Group element that normalizes finite subgroup that is generated by a subset of $G$

Question

Let $N$ be a finte subgroup of a group $G$, and assume $N = \langle S \rangle$ for some subset $S$ of $G$. Prove that an element $g \in G$ normalizes $N$ if and only if $gSg^{-1} \subset N$.
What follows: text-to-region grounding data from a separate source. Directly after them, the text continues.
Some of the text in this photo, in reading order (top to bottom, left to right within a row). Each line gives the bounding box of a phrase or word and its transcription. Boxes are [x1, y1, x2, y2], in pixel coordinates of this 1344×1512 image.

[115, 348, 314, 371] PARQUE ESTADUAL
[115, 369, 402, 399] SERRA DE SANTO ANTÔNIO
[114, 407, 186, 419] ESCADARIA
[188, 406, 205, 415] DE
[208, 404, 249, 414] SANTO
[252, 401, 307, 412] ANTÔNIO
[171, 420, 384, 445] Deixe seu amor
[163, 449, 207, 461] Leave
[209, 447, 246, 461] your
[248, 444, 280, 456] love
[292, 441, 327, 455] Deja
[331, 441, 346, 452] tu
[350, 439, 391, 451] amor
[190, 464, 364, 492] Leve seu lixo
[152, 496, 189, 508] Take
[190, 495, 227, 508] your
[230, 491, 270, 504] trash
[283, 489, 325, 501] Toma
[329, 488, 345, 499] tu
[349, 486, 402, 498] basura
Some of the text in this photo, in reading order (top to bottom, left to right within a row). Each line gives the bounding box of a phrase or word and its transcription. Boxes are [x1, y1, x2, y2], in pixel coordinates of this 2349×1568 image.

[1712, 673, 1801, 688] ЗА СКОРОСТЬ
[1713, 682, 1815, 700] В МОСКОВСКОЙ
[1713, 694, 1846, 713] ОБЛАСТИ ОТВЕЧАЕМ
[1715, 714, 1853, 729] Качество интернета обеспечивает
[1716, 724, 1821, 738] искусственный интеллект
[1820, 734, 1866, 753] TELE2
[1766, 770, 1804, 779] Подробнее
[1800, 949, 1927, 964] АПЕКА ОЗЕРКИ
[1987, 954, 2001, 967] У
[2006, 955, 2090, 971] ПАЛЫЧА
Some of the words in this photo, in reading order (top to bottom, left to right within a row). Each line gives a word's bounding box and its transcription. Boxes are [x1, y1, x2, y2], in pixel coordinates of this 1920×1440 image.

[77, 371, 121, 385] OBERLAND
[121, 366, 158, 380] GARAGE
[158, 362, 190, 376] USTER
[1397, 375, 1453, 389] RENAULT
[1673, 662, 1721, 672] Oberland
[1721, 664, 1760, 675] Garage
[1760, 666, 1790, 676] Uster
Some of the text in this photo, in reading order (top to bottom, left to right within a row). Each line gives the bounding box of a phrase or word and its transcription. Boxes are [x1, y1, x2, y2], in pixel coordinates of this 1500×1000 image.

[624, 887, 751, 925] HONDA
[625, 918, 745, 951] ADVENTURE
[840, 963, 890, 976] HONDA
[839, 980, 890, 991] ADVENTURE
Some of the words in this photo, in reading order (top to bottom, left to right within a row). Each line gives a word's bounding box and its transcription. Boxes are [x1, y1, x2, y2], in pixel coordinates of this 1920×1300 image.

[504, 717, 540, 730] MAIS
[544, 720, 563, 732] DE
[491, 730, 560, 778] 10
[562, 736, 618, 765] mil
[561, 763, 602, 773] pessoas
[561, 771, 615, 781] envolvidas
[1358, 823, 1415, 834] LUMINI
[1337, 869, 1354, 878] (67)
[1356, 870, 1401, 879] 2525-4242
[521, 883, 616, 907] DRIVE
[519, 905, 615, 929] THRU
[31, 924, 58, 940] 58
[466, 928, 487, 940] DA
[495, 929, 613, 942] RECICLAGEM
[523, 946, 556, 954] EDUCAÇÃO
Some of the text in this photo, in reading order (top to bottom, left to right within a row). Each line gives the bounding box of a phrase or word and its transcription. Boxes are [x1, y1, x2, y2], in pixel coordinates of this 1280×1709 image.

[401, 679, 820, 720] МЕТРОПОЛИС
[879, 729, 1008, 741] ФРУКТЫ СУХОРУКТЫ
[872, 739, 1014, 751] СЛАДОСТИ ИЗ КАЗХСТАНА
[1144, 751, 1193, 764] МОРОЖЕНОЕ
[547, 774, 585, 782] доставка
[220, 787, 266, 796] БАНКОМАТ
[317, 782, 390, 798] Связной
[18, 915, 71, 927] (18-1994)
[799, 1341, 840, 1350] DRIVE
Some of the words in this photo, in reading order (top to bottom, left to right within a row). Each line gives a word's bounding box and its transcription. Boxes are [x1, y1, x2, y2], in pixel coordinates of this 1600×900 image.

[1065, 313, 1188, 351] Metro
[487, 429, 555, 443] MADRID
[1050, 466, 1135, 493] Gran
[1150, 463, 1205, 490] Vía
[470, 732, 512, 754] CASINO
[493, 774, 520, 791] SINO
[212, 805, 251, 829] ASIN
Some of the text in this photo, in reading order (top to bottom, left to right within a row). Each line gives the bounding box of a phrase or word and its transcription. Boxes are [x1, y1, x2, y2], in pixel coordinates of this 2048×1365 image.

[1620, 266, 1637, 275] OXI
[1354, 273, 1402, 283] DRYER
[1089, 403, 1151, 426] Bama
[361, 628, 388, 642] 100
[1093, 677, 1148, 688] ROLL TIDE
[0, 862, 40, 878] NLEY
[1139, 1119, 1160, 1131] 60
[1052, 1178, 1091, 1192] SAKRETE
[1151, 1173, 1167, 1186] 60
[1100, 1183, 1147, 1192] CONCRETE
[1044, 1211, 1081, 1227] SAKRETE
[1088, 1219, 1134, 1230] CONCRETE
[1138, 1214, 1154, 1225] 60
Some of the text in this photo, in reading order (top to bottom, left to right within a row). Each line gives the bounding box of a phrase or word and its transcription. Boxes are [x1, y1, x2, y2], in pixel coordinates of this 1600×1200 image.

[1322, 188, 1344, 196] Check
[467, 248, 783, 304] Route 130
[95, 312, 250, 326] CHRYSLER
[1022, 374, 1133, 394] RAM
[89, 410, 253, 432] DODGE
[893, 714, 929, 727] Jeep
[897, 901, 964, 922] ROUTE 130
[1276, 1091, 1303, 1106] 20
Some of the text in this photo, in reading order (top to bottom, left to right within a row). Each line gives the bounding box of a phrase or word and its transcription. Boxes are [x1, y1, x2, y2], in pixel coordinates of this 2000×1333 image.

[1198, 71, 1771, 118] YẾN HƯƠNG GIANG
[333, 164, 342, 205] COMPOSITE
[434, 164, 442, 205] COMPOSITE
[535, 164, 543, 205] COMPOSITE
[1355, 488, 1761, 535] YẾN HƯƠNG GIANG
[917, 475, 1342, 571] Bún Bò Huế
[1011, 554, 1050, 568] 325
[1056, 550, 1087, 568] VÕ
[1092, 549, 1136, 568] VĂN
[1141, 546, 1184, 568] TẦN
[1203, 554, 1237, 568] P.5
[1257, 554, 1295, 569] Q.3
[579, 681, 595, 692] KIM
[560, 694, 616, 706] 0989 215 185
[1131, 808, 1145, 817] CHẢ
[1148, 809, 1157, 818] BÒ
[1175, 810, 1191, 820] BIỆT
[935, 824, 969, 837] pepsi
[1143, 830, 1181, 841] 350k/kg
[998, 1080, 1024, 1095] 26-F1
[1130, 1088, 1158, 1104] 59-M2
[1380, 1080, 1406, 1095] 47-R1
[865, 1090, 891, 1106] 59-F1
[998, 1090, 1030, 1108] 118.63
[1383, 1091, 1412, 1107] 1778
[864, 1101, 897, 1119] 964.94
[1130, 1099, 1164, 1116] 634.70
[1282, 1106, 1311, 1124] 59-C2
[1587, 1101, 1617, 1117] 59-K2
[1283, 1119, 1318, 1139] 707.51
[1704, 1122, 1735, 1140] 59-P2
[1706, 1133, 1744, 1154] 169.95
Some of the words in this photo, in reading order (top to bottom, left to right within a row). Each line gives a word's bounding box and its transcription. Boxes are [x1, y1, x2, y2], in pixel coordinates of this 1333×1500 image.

My question is about the forward direction. That is, we assume that $g$ normalizes $N$, i.e. $gNg^{-1} = N$, and we want to prove that if $s \in S$, then $gsg^{-1} \in N$. But I cannot see how to do this. In fact, if we let $N = \{e\}$ and $S$ be any nontrivial subset of $G$, then every $g$ normalizes $N$, but $gsg^{-1} \not \in N$ if $s \neq e$.

Answer 1

If $S$ generates $N$, then each element of $N$is of the form $s_1\ldots s_n$, where each $s_i$ is either an element of $S$ or the inverse of an element of $S$ or the identity element of $G$. In particular, $S$ is contained in $N$. Hence if an element $g$ of $G$ normalizes $N$ then in particular it normalizes every element of $S$.

Answer 2

The subgroup $N$ is the smallest subset of $G$ containing $S$. In particular, $S\subset N$.

Now, "$g$ normalises $N$" implies that $g^{-1}xg\in N$ for all $x\in N$. As $S\subset N$ this means that $g^{-1}sg\in N$ for all $s\in S$, and so $g^{-1}Sg\subset N$ as required.

(Note that the "$N$ is finite" assumption is not used here. It is required for the opposite direction though.)